Önce ki gün Okul Müdürü İbrahim Oktugan’ın bir öğrenci tarafından öldürülmesinin yankıları Ülke genelinde sürüyor. Eğitim İş Afşin İlçe Temsilciliği yaşanılanları yazılı bir Basın açıklaması ile kınadı.
Afşin Eğitim-İş Temsilcilik Başkanı Ahmet ÇELİK imzası ile yayınlanan Basın açıklamasında şu ifadeler kullanıldı;
En büyük harplerde bile hedef alınmaması üzerine uluslararası anlaşmalar olan, en güvenli mekanlar olması gereken okullar, Türkiye’de şiddet sarmalının kucağına itilmiştir.
İstanbul Eyüpsultandaki özel bir lisede dehşet filmlerini aratmayan bir silahlı saldırının yaşanması ve bu saldırı sonucunda bir eğitimcimizin yaşamını yitirmesi, okullarımızın güvenlik açısından geldiği son durumu da gözler önüne sermiştir.
Okuluyla, öğretmeniyle ve müdürüyle yaşadığı sorunlar nedeniyle, yönetmelikler çerçevesinde okuldan atılan Iraklı bir öğrenci, 5 ay önce atıldığı okula silahla girmiş ve okul müdürünü makam odasında kurşun yağmuruna tutmuştur. Silahlı saldırı sonucunda ağır yaralanan okul müdürü İbrahim Oktugan, ne yazık ki ağır yaralı olarak kaldırıldığı hastanede hayatını kaybetmiştir. Burada başka bir canın daha kaybedilmemesi bu elim olayın tek tesellisi olmuştur.

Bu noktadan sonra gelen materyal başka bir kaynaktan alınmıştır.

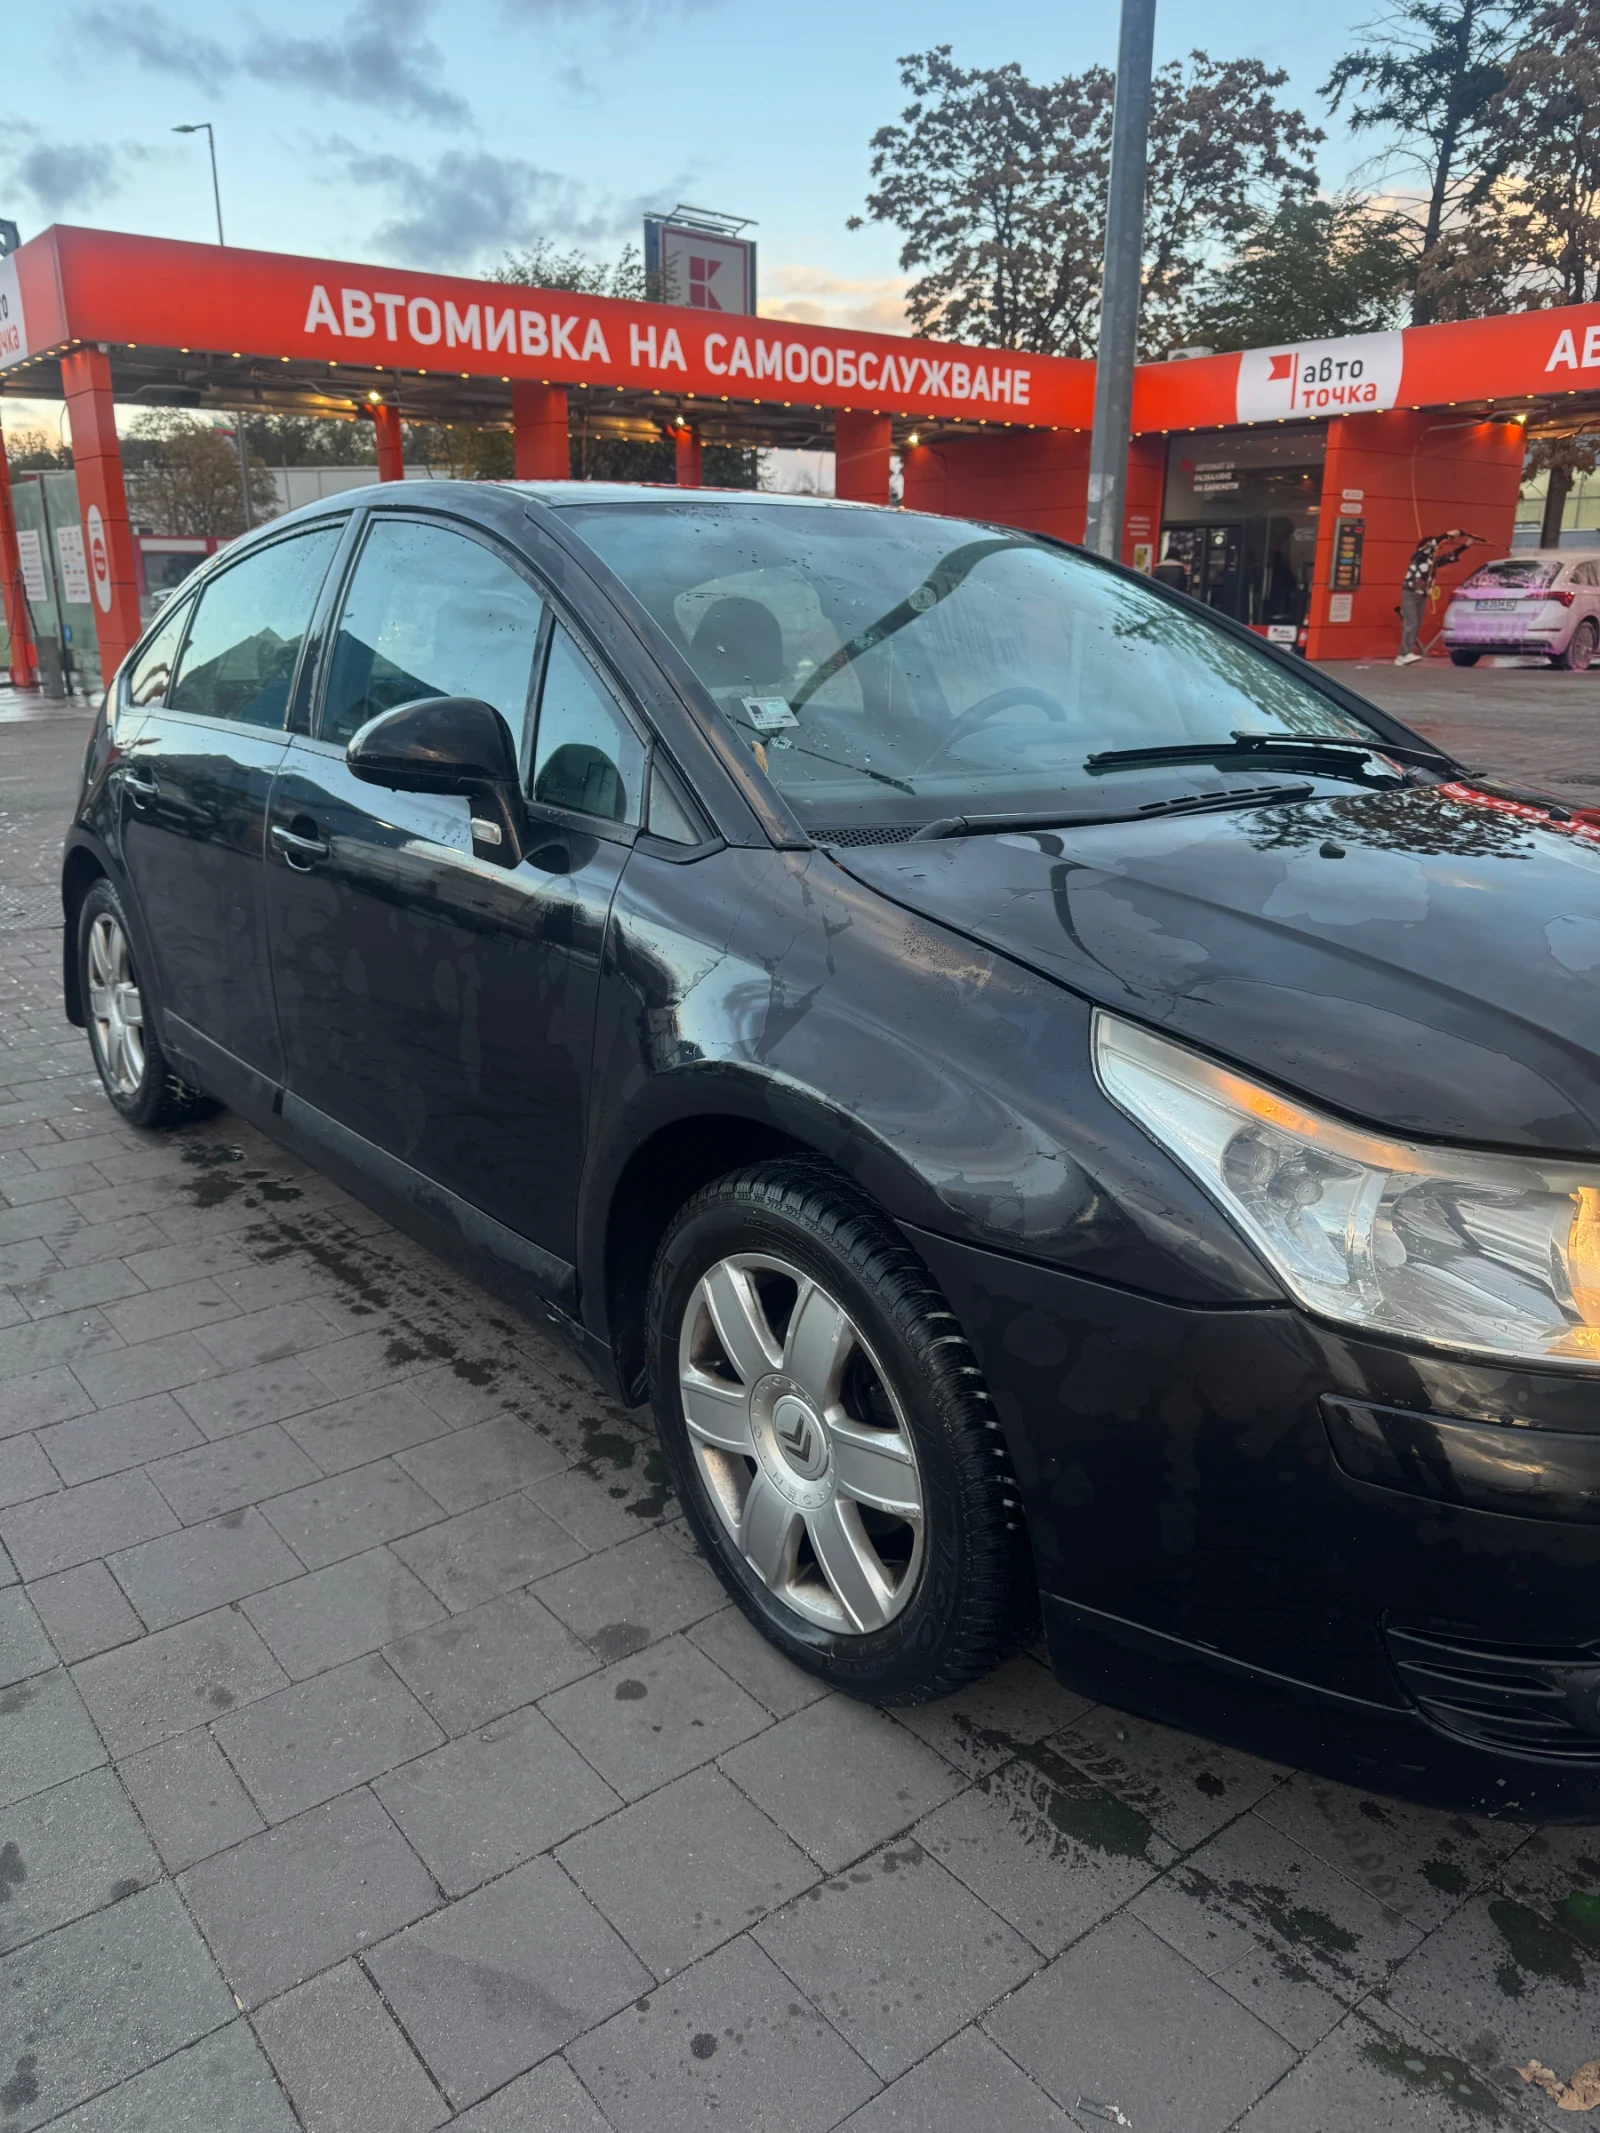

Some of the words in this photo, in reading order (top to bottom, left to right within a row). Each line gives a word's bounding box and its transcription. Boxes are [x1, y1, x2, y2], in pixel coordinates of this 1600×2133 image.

[304, 284, 612, 364] АВТОМИВКА
[629, 323, 687, 371] НА
[703, 333, 1031, 405] САМООБСЛУЖВАНЕ
[1303, 357, 1364, 383] авто
[1302, 383, 1377, 409] точка

Şimdi Eğitim-İş olarak soruyoruz:
Güvenlikten olur mu?! Gerekli adımların atılması için daha kaç eğitim emekçisinin, kaç öğrencinin can vermesi gerekiyor?

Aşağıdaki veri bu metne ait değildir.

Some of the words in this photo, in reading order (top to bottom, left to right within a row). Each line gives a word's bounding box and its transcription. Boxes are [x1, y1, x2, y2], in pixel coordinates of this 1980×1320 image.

Yöneticilerin plansızlığı sebebiyle ülkenin demografik yapısı ve güvenliği ciddi risk altındadır. Planlama ve rehabilitasyon süreçleri sağlıklı işletilmediği için güvenlik anlamında ciddi sorunlar yaşanmaktadır. Bu güvenlik açığının faturası bizlerin canı mı olacaktır?
Bu sorulara yanıt vermeden, öğretmenlerimizin kaybolan itibarını yerine getirmek için somut adımlar atmadan, geleceğin mimarı olan öğretmenlerimize gereken saygıyı göstermeden bizler taziyede bulunana hiçbir yöneticinin samimiyetine ve ciddiyetine inanmıyoruz.

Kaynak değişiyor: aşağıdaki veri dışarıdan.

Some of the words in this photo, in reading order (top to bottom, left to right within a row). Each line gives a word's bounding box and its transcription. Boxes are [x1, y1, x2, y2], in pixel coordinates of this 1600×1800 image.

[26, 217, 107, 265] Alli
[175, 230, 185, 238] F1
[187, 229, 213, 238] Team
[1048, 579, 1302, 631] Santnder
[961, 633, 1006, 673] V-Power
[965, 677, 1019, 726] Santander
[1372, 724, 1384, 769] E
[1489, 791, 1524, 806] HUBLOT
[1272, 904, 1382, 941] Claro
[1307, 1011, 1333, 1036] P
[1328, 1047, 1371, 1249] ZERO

Sendika olarak altını çiziyoruz: Okulda şiddet olaylarındaki korkutucu tırmanışı engellemek için atılması gereken acil adımlar vardır:
Özel ya da devlet okulu ayırmaksızın, tüm okulların güvenliği derhal sağlanmalıdır. Devleti yönetenler hem devlet okullarını güvenli hale getirmeli, kadrolu güvenlik personeli atamalı ve giriş kapılarına dedektörler koymalıdır. Özel okullarda da aynı güvenlik önlemlerinin alınması şart koşulmalı ve bu konuda sıkça denetim yapılmalıdır.Failler toplumun vicdanını rahatlatacak ve yeni olaylar açısından caydırıcı olacak şekilde cezalandırılmalı, bunun yasal altyapısı yoksa derhal oluşturulmalıdır.
Ahlak bekçiliğine soyunan RTÜK’ün toplumsal şiddeti başlıca gündemi haline getirip, mafya ve suç temalı TV yapımlarını denetlemesi sağlanmalı, Türk toplum geleneğine uygun eğitici yayınların yapılması gerekmektedir.
İçine bin bir tane gereksiz ve hatta zararlı içerik doldurulan müfredat yerine şiddetin çağdışı ve yanlış olduğunu öğreten, Atatürk ilke ve inkılaplarını temel alan ve bunlardan taviz vermeyen, milli ve manevi değerlere saygılı toplumsal yaşam dersleri içeren programlar hazırlanmalıdır.
Kendimizin ve evlatlarımız olan öğrencilerimizin canından endişe ederek okula gitmek istemiyoruz. Can ağızda, kelle koltukta bir eğitim sistemini kabul etmiyoruz! Artık yeter! Yaşamak istiyoruz!